First, 12 AML cell lines were analyzed for AMG 330-mediated cytotoxicity upon coculture with T cells. No difference based on p53 status was observed (p53 wt vs p53 mut (65.86% vs 53.92%; n=27). However, phenotypic and genetic heterogeneity of AML cell lines could mask the influence of p53 mutation on the pharmacodynamic activity of AMG 330. To exclude these cofounding covariables, we performed cytotoxicity assays using p53 wt and paired p53 kd cell lines. AMG 330-mediated cytotoxicity was significantly higher for p53 wt cell lines compared to p53 kd cell lines (wt vs kd: MV4-11: 89.8% vs 72.3%, p<0.03; Molm-13: 90.0% vs 85.2%, p<0.03; OCI-AML3: 89.5% vs 81.2%, p<0.03).
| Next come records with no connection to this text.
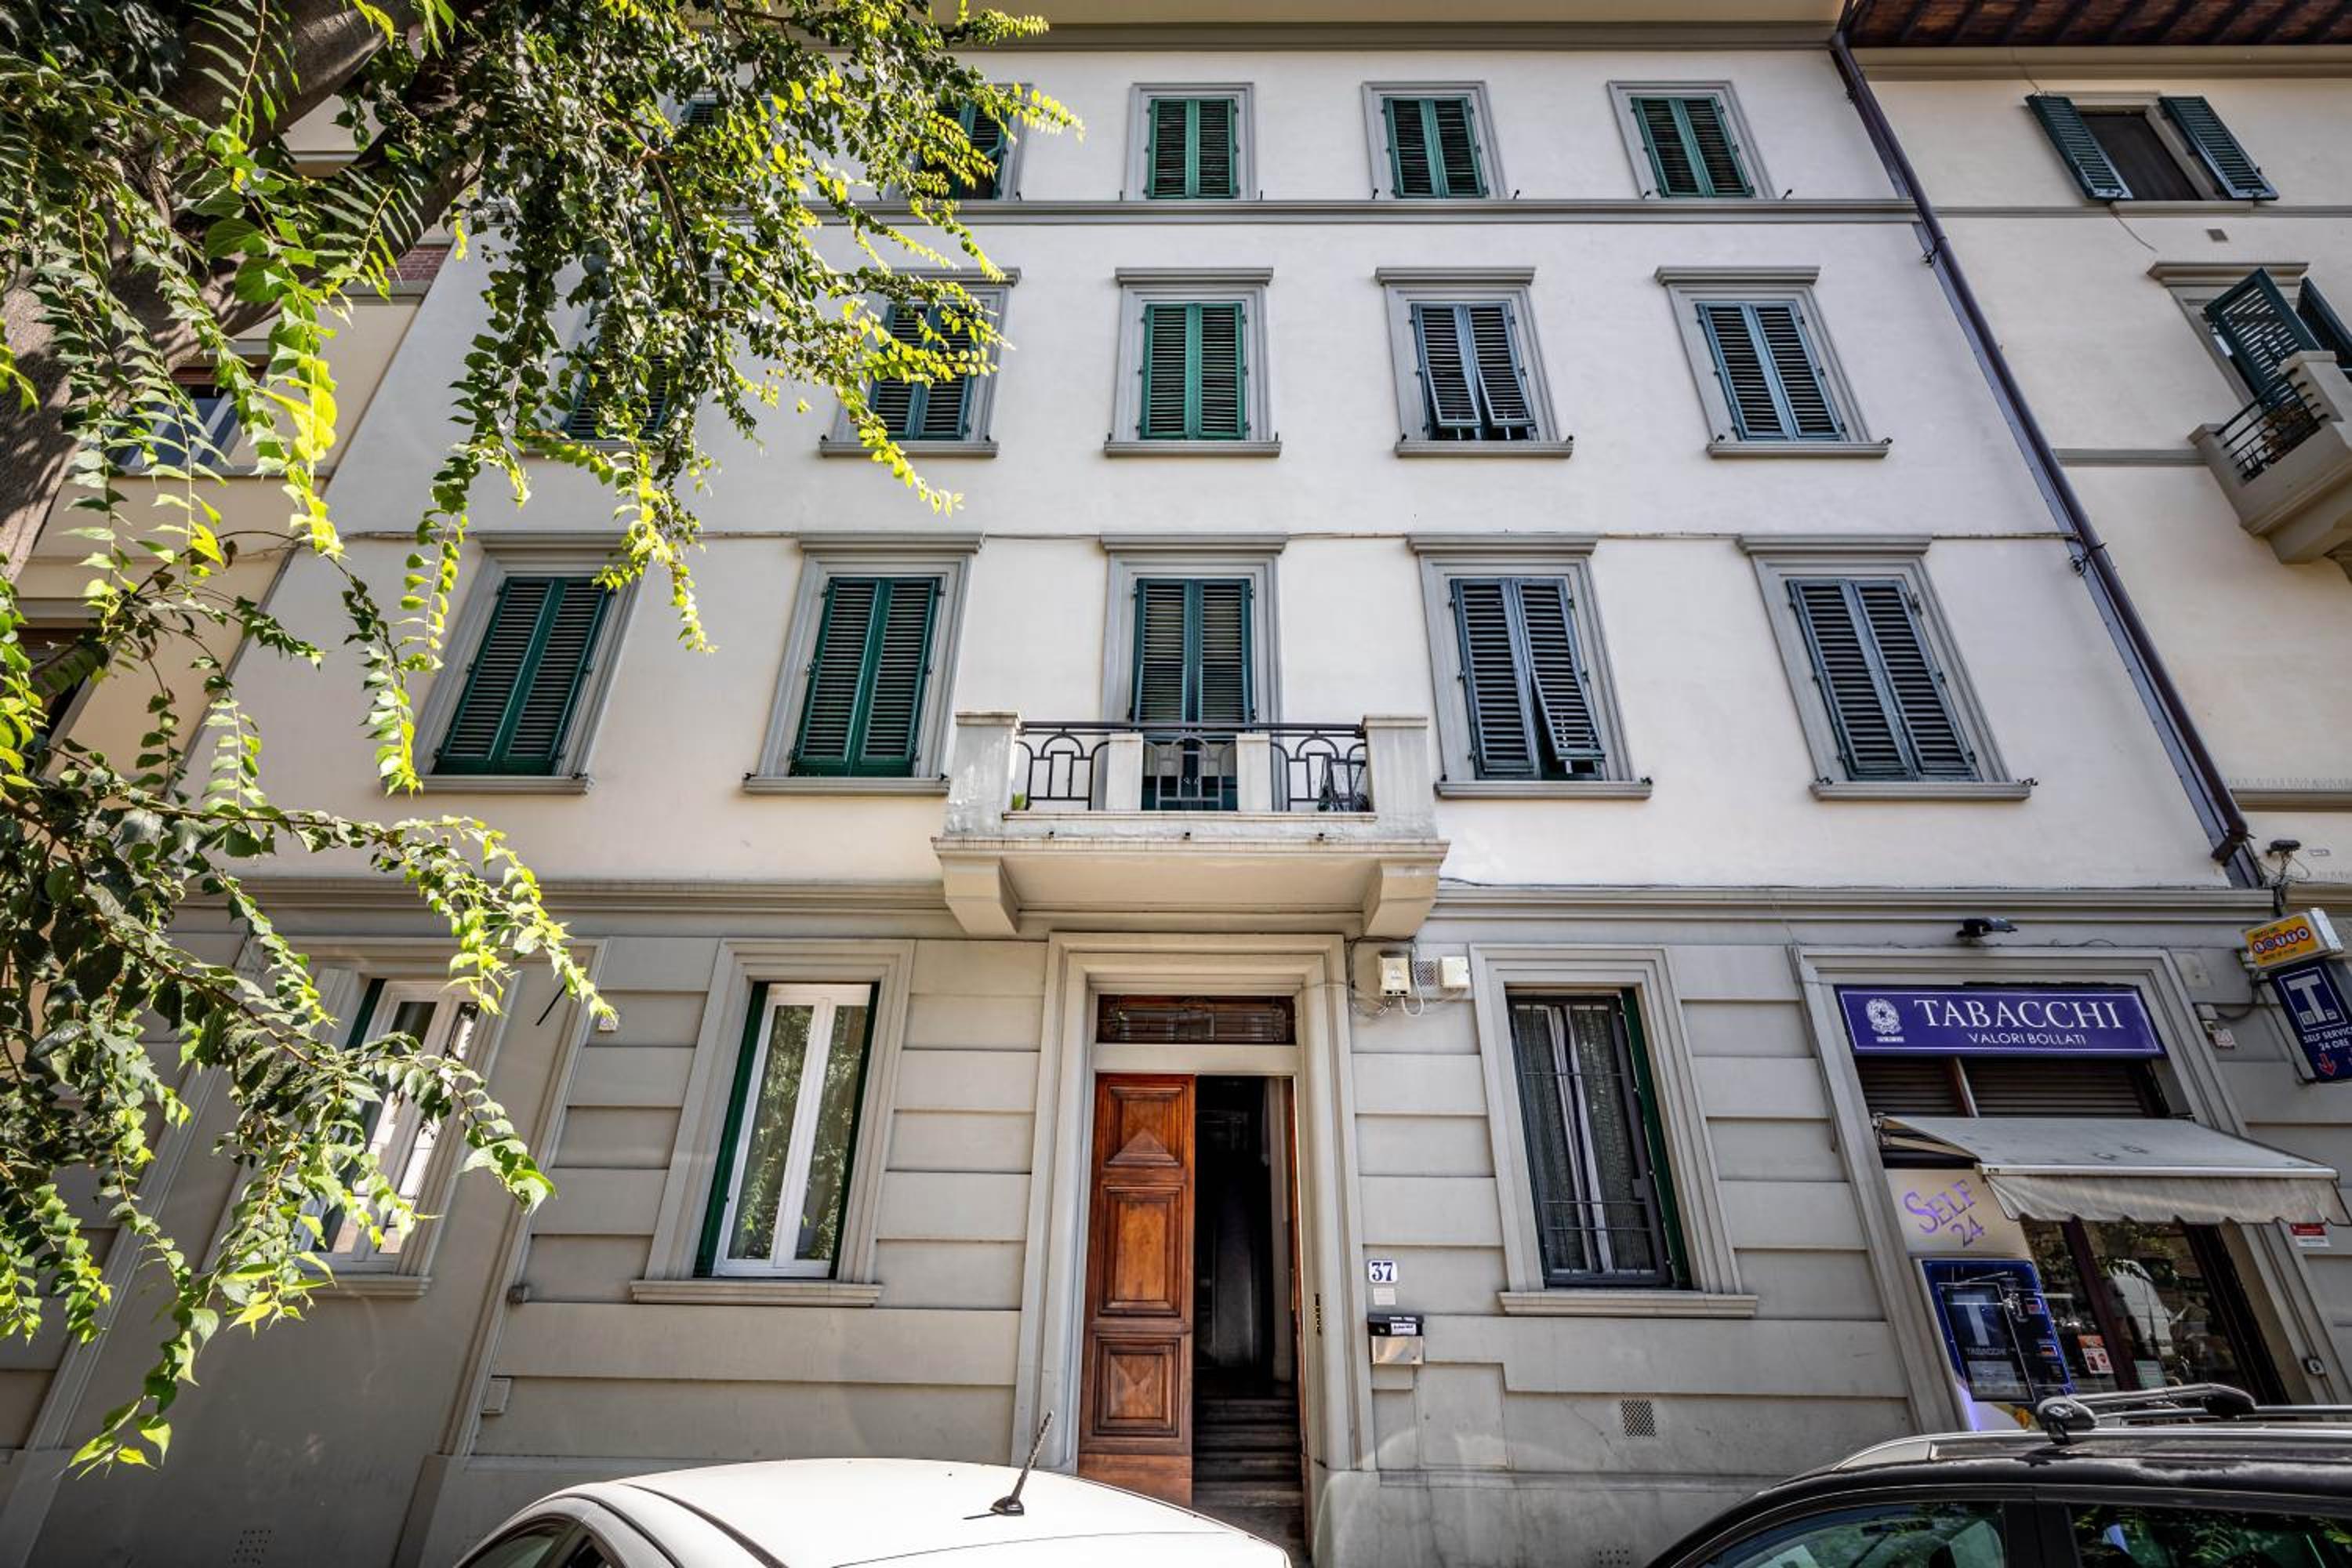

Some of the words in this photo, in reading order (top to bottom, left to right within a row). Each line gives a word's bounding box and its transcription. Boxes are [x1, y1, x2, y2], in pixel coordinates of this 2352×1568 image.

[2254, 927, 2309, 953] LOTTO
[2287, 974, 2326, 1023] T
[1914, 1000, 2124, 1029] TABACCHI
[1968, 1033, 2025, 1044] VALORI
[2027, 1033, 2086, 1045] BOLLATI
[2303, 1033, 2321, 1044] SELF
[2318, 1042, 2331, 1051] 24
[2332, 1038, 2350, 1048] ORE
[1950, 1214, 1984, 1247] 24
[1371, 1262, 1393, 1281] 37
Surprisingly, we observed significantly reduced T-cell proliferation in co-cultures with p53 kd cell lines vs p53 wt cell lines (wt vs kd: MV4-11: 74.0% vs 61.6%, p<0.03; Molm-13: 65.7% vs 56.4%, p<0.03; OCI-AML3: 34.9% vs 26.4%, p<0.03). We further demonstrated that the difference is not due to different expression levels of the target antigen CD33 or the costimulatory/coinhibitory molecules CD80, CD86, CD40L, OX40L, PD-L1 and Tim-3 (n= 4). In transwell experiments, T cells proliferated at a lower rate in the presence of p53 kd AML cells in the upper comportment compared to those in the presence of p53 wt AML cells (MV4-11 p53 wt vs p53 kd: 67.9% vs 50.9%, p<0.03) leading to the conclusion that the inhibition of T-cell proliferation is mediated by soluble factors secreted by AML cells. Bulk RNA sequencing of p53 kd AML cell lines compared to p53 wt revealed downregulation of a co-stimulatory ligand 4-1BBL with log2 fold change of - 0.33, -0.30, -0.39 in Molm-13, MV4-11 and OCI-AML3, respectively.

In summary, we have observed lower activity of AMG 330 against p53 kd cell lines compared to p53 wt AML cell lines. This correlated with a decrease in T-cell proliferation indicating that the genetic profile of the AML cells modulates T-cell function. We hypothesize that p53 kd AML cells suppress T-cell proliferation, thereby reducing the E:T ratio and redirected cytotoxicity. In a next step, we will try to identify possible secreted mediators of T-cell modulation by mass. We will also characterize primary patient samples for their T-cell-inhibiting capacities, e.g. p53-mutated disease.